━━ Source data

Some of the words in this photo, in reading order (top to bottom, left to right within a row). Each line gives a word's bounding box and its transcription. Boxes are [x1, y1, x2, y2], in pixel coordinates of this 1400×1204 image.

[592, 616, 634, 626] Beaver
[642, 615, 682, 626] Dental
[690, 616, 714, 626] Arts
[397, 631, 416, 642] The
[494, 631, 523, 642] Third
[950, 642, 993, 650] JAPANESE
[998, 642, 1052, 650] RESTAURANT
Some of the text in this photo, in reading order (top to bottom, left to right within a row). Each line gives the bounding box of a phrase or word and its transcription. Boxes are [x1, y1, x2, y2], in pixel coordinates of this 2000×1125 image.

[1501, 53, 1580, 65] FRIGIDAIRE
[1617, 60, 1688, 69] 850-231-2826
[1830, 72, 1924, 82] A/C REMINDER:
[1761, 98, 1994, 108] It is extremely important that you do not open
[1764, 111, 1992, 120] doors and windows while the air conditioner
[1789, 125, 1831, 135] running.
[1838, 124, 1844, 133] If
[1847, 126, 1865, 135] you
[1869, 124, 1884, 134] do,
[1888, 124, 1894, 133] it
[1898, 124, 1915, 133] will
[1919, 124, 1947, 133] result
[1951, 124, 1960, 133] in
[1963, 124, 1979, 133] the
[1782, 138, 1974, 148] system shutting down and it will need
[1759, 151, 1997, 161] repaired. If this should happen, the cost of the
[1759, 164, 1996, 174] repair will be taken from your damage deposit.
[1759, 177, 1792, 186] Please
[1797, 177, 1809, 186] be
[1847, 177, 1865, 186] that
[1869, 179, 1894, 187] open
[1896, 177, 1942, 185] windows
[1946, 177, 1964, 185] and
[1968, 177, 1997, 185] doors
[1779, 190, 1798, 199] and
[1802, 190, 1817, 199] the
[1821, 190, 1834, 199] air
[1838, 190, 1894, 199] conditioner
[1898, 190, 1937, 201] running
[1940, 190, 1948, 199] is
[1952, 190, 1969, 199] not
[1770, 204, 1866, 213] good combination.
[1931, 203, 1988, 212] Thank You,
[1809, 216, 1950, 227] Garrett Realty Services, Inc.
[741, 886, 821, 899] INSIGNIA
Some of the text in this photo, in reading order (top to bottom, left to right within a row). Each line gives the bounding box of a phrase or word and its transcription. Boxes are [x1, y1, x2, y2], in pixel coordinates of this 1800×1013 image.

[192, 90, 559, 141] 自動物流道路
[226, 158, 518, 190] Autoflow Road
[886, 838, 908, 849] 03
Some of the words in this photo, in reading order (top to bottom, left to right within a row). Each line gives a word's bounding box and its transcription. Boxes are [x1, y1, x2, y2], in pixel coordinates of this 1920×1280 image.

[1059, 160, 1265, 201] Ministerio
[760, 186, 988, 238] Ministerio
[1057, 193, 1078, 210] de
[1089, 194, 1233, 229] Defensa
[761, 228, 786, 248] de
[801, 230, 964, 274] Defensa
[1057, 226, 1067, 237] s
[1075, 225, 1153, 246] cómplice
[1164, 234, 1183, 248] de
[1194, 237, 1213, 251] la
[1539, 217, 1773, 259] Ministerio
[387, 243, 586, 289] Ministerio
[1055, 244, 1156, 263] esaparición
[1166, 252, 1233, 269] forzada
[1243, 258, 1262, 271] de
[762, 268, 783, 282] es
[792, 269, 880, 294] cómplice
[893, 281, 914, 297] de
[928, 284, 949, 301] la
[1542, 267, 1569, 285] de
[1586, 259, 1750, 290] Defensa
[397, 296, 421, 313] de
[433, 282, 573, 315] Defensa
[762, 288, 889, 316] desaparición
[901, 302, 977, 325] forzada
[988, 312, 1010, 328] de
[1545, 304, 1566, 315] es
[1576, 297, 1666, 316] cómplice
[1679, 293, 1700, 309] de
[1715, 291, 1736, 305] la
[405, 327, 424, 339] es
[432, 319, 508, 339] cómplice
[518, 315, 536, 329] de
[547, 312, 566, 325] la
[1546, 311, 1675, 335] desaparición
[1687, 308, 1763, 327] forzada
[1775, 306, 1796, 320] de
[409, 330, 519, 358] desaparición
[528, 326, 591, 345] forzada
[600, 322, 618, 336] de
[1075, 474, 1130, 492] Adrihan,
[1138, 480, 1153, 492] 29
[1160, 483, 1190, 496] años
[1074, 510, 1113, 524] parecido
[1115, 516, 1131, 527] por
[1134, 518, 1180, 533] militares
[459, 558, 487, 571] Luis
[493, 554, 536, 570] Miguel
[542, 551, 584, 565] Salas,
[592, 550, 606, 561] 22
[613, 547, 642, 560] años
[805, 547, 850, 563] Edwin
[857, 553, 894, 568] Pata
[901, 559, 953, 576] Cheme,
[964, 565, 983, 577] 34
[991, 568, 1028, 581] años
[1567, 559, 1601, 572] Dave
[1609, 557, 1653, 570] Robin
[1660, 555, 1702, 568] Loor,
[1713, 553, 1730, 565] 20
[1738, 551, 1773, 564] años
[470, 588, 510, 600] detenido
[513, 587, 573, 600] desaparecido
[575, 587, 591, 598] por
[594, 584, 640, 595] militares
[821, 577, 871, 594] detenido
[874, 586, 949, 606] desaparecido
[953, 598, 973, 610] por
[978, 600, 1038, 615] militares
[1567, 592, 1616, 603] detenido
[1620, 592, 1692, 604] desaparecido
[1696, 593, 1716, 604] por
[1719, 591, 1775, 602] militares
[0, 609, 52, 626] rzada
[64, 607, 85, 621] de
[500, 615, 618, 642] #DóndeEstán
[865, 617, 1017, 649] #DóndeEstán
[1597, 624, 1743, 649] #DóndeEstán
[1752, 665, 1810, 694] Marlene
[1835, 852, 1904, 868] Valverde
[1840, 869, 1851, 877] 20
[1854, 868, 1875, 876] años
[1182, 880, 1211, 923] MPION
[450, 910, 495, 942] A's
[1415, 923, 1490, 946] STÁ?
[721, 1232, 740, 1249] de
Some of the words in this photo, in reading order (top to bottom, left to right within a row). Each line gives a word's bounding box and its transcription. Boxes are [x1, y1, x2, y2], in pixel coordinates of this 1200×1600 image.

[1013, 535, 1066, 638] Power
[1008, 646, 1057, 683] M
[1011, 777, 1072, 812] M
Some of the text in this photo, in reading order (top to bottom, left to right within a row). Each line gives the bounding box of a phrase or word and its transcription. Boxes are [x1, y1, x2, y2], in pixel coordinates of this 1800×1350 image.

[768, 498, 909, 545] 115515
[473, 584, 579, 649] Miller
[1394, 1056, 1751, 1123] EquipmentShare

━━━━

Task description »
Give the listing again. Leave every word as it stands.

Solution to the exercise »
Some of the words in this photo, in reading order (top to bottom, left to right within a row). Each line gives a word's bounding box and its transcription. Boxes are [x1, y1, x2, y2], in pixel coordinates of this 1400×1204 image.

[592, 616, 634, 626] Beaver
[642, 615, 682, 626] Dental
[690, 616, 714, 626] Arts
[397, 631, 416, 642] The
[494, 631, 523, 642] Third
[950, 642, 993, 650] JAPANESE
[998, 642, 1052, 650] RESTAURANT
Some of the text in this photo, in reading order (top to bottom, left to right within a row). Each line gives the bounding box of a phrase or word and its transcription. Boxes are [x1, y1, x2, y2], in pixel coordinates of this 2000×1125 image.

[1501, 53, 1580, 65] FRIGIDAIRE
[1617, 60, 1688, 69] 850-231-2826
[1830, 72, 1924, 82] A/C REMINDER:
[1761, 98, 1994, 108] It is extremely important that you do not open
[1764, 111, 1992, 120] doors and windows while the air conditioner
[1789, 125, 1831, 135] running.
[1838, 124, 1844, 133] If
[1847, 126, 1865, 135] you
[1869, 124, 1884, 134] do,
[1888, 124, 1894, 133] it
[1898, 124, 1915, 133] will
[1919, 124, 1947, 133] result
[1951, 124, 1960, 133] in
[1963, 124, 1979, 133] the
[1782, 138, 1974, 148] system shutting down and it will need
[1759, 151, 1997, 161] repaired. If this should happen, the cost of the
[1759, 164, 1996, 174] repair will be taken from your damage deposit.
[1759, 177, 1792, 186] Please
[1797, 177, 1809, 186] be
[1847, 177, 1865, 186] that
[1869, 179, 1894, 187] open
[1896, 177, 1942, 185] windows
[1946, 177, 1964, 185] and
[1968, 177, 1997, 185] doors
[1779, 190, 1798, 199] and
[1802, 190, 1817, 199] the
[1821, 190, 1834, 199] air
[1838, 190, 1894, 199] conditioner
[1898, 190, 1937, 201] running
[1940, 190, 1948, 199] is
[1952, 190, 1969, 199] not
[1770, 204, 1866, 213] good combination.
[1931, 203, 1988, 212] Thank You,
[1809, 216, 1950, 227] Garrett Realty Services, Inc.
[741, 886, 821, 899] INSIGNIA
Some of the text in this photo, in reading order (top to bottom, left to right within a row). Each line gives the bounding box of a phrase or word and its transcription. Boxes are [x1, y1, x2, y2], in pixel coordinates of this 1800×1013 image.

[192, 90, 559, 141] 自動物流道路
[226, 158, 518, 190] Autoflow Road
[886, 838, 908, 849] 03
Some of the words in this photo, in reading order (top to bottom, left to right within a row). Each line gives a word's bounding box and its transcription. Boxes are [x1, y1, x2, y2], in pixel coordinates of this 1920×1280 image.

[1059, 160, 1265, 201] Ministerio
[760, 186, 988, 238] Ministerio
[1057, 193, 1078, 210] de
[1089, 194, 1233, 229] Defensa
[761, 228, 786, 248] de
[801, 230, 964, 274] Defensa
[1057, 226, 1067, 237] s
[1075, 225, 1153, 246] cómplice
[1164, 234, 1183, 248] de
[1194, 237, 1213, 251] la
[1539, 217, 1773, 259] Ministerio
[387, 243, 586, 289] Ministerio
[1055, 244, 1156, 263] esaparición
[1166, 252, 1233, 269] forzada
[1243, 258, 1262, 271] de
[762, 268, 783, 282] es
[792, 269, 880, 294] cómplice
[893, 281, 914, 297] de
[928, 284, 949, 301] la
[1542, 267, 1569, 285] de
[1586, 259, 1750, 290] Defensa
[397, 296, 421, 313] de
[433, 282, 573, 315] Defensa
[762, 288, 889, 316] desaparición
[901, 302, 977, 325] forzada
[988, 312, 1010, 328] de
[1545, 304, 1566, 315] es
[1576, 297, 1666, 316] cómplice
[1679, 293, 1700, 309] de
[1715, 291, 1736, 305] la
[405, 327, 424, 339] es
[432, 319, 508, 339] cómplice
[518, 315, 536, 329] de
[547, 312, 566, 325] la
[1546, 311, 1675, 335] desaparición
[1687, 308, 1763, 327] forzada
[1775, 306, 1796, 320] de
[409, 330, 519, 358] desaparición
[528, 326, 591, 345] forzada
[600, 322, 618, 336] de
[1075, 474, 1130, 492] Adrihan,
[1138, 480, 1153, 492] 29
[1160, 483, 1190, 496] años
[1074, 510, 1113, 524] parecido
[1115, 516, 1131, 527] por
[1134, 518, 1180, 533] militares
[459, 558, 487, 571] Luis
[493, 554, 536, 570] Miguel
[542, 551, 584, 565] Salas,
[592, 550, 606, 561] 22
[613, 547, 642, 560] años
[805, 547, 850, 563] Edwin
[857, 553, 894, 568] Pata
[901, 559, 953, 576] Cheme,
[964, 565, 983, 577] 34
[991, 568, 1028, 581] años
[1567, 559, 1601, 572] Dave
[1609, 557, 1653, 570] Robin
[1660, 555, 1702, 568] Loor,
[1713, 553, 1730, 565] 20
[1738, 551, 1773, 564] años
[470, 588, 510, 600] detenido
[513, 587, 573, 600] desaparecido
[575, 587, 591, 598] por
[594, 584, 640, 595] militares
[821, 577, 871, 594] detenido
[874, 586, 949, 606] desaparecido
[953, 598, 973, 610] por
[978, 600, 1038, 615] militares
[1567, 592, 1616, 603] detenido
[1620, 592, 1692, 604] desaparecido
[1696, 593, 1716, 604] por
[1719, 591, 1775, 602] militares
[0, 609, 52, 626] rzada
[64, 607, 85, 621] de
[500, 615, 618, 642] #DóndeEstán
[865, 617, 1017, 649] #DóndeEstán
[1597, 624, 1743, 649] #DóndeEstán
[1752, 665, 1810, 694] Marlene
[1835, 852, 1904, 868] Valverde
[1840, 869, 1851, 877] 20
[1854, 868, 1875, 876] años
[1182, 880, 1211, 923] MPION
[450, 910, 495, 942] A's
[1415, 923, 1490, 946] STÁ?
[721, 1232, 740, 1249] de
Some of the words in this photo, in reading order (top to bottom, left to right within a row). Each line gives a word's bounding box and its transcription. Boxes are [x1, y1, x2, y2], in pixel coordinates of this 1200×1600 image.

[1013, 535, 1066, 638] Power
[1008, 646, 1057, 683] M
[1011, 777, 1072, 812] M
Some of the text in this photo, in reading order (top to bottom, left to right within a row). Each line gives the bounding box of a phrase or word and its transcription. Boxes are [x1, y1, x2, y2], in pixel coordinates of this 1800×1350 image.

[768, 498, 909, 545] 115515
[473, 584, 579, 649] Miller
[1394, 1056, 1751, 1123] EquipmentShare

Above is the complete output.